§ **Problem statement**: Output the entries that follow character for character. Leave every image out.

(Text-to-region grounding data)

━━━━━━━━━━━━━━━━━━━━

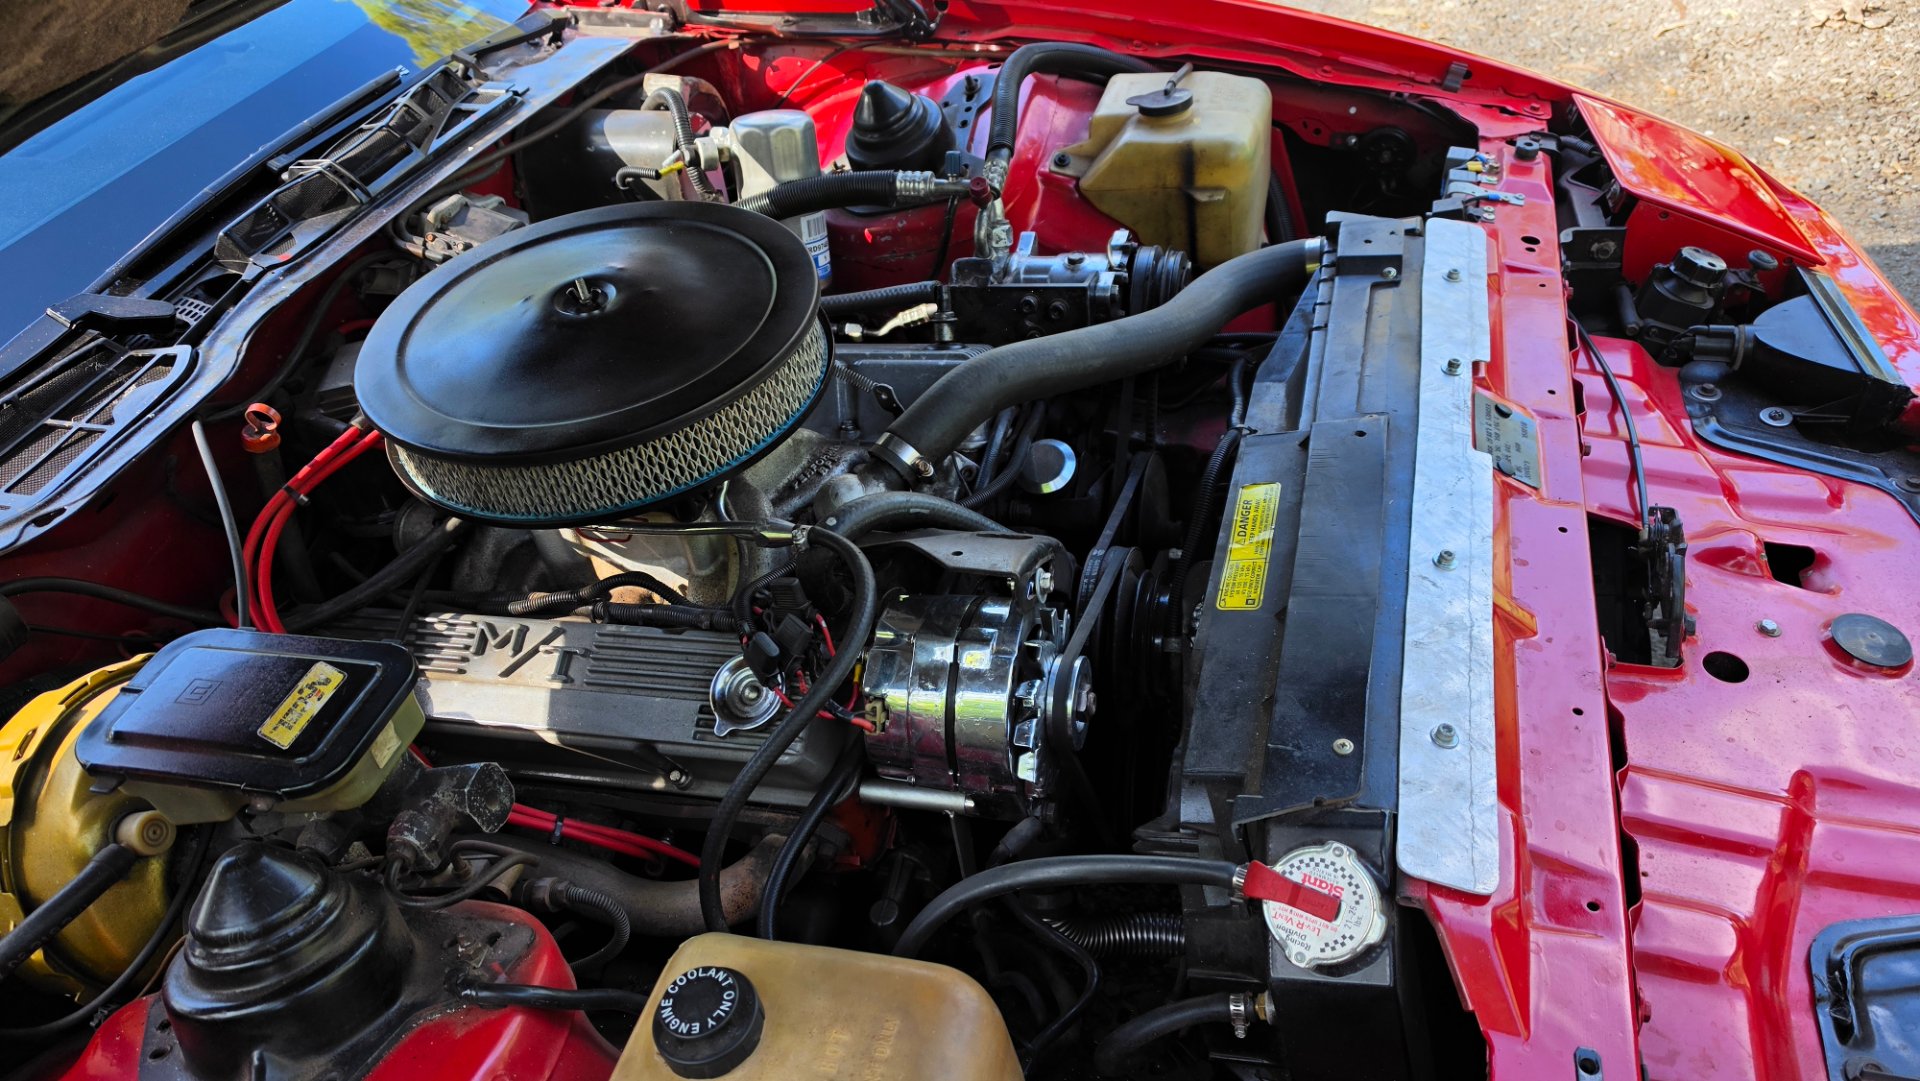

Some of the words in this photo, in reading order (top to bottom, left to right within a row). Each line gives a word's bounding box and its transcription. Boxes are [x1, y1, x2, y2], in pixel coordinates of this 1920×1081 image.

[1237, 499, 1252, 537] DANGER
[471, 621, 592, 683] M/T
[1301, 873, 1345, 899] Stant
[1344, 905, 1358, 930] 21-25
[1277, 924, 1307, 941] Division
[1285, 935, 1312, 952] Racing
[668, 967, 734, 994] COOLANT
[661, 998, 700, 1034] ENGINE
[706, 990, 735, 1028] ONLY

━━━━━━━━━━━━━━━━━━━━

§ **Exercise solution**:
Some of the words in this photo, in reading order (top to bottom, left to right within a row). Each line gives a word's bounding box and its transcription. Boxes are [x1, y1, x2, y2], in pixel coordinates of this 1920×1081 image.

[1237, 499, 1252, 537] DANGER
[471, 621, 592, 683] M/T
[1301, 873, 1345, 899] Stant
[1344, 905, 1358, 930] 21-25
[1277, 924, 1307, 941] Division
[1285, 935, 1312, 952] Racing
[668, 967, 734, 994] COOLANT
[661, 998, 700, 1034] ENGINE
[706, 990, 735, 1028] ONLY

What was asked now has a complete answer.